### [What needs to be done]
Verbatim output of the lines below is required, with the images omitted.

** Provided data follows **

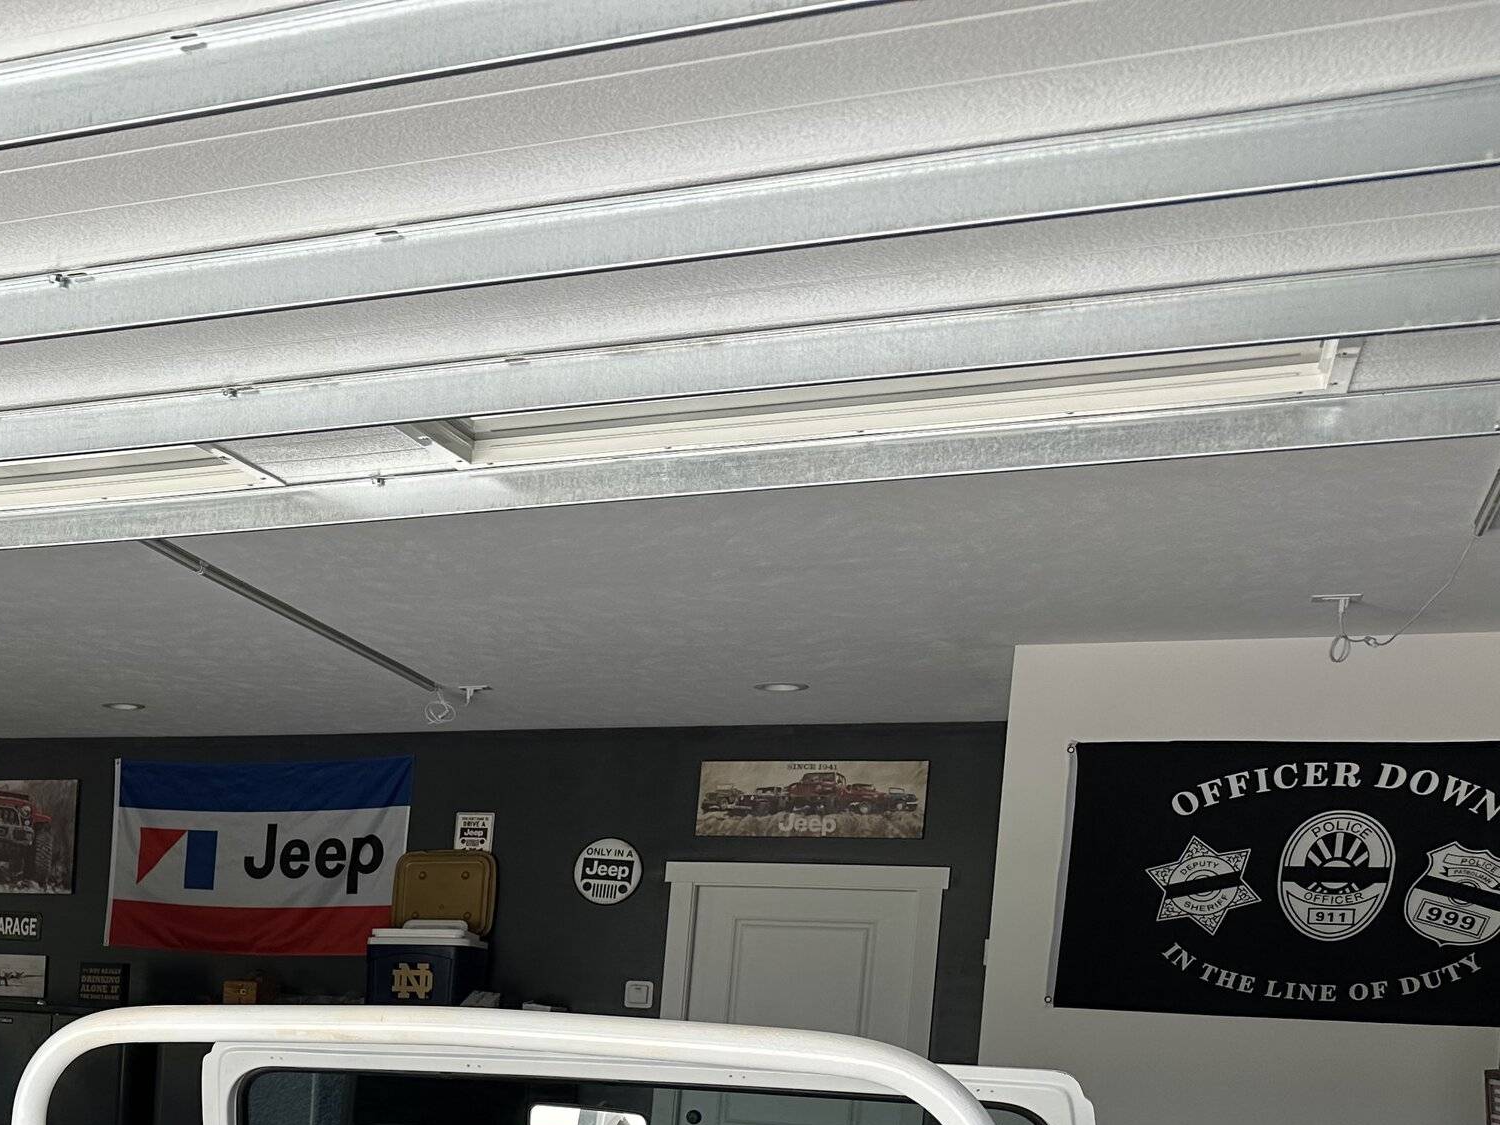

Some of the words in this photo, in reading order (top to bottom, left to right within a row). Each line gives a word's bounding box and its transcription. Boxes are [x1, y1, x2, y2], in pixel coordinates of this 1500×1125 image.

[1171, 762, 1362, 816] OFFICER
[1375, 763, 1500, 822] DOWN
[778, 813, 837, 836] Jeep
[1311, 821, 1373, 839] POLICE
[244, 824, 384, 894] Jeep
[586, 847, 612, 856] ONLY
[614, 849, 624, 857] IN
[626, 850, 633, 858] A
[585, 860, 630, 880] Jeep
[1180, 860, 1219, 875] DEPUTY
[1461, 858, 1500, 874] POLICE
[1184, 895, 1228, 912] SHERIFF
[1304, 892, 1364, 905] OFFICER
[1315, 912, 1346, 922] 911
[1426, 907, 1476, 930] 999
[1160, 942, 1198, 972] IN
[1199, 962, 1257, 994] THE
[1266, 980, 1338, 1002] LINE
[1348, 981, 1388, 1000] OF
[1397, 952, 1483, 996] DUTY

** End of Provided data **

### [Response]
Some of the words in this photo, in reading order (top to bottom, left to right within a row). Each line gives a word's bounding box and its transcription. Boxes are [x1, y1, x2, y2], in pixel coordinates of this 1500×1125 image.

[1171, 762, 1362, 816] OFFICER
[1375, 763, 1500, 822] DOWN
[778, 813, 837, 836] Jeep
[1311, 821, 1373, 839] POLICE
[244, 824, 384, 894] Jeep
[586, 847, 612, 856] ONLY
[614, 849, 624, 857] IN
[626, 850, 633, 858] A
[585, 860, 630, 880] Jeep
[1180, 860, 1219, 875] DEPUTY
[1461, 858, 1500, 874] POLICE
[1184, 895, 1228, 912] SHERIFF
[1304, 892, 1364, 905] OFFICER
[1315, 912, 1346, 922] 911
[1426, 907, 1476, 930] 999
[1160, 942, 1198, 972] IN
[1199, 962, 1257, 994] THE
[1266, 980, 1338, 1002] LINE
[1348, 981, 1388, 1000] OF
[1397, 952, 1483, 996] DUTY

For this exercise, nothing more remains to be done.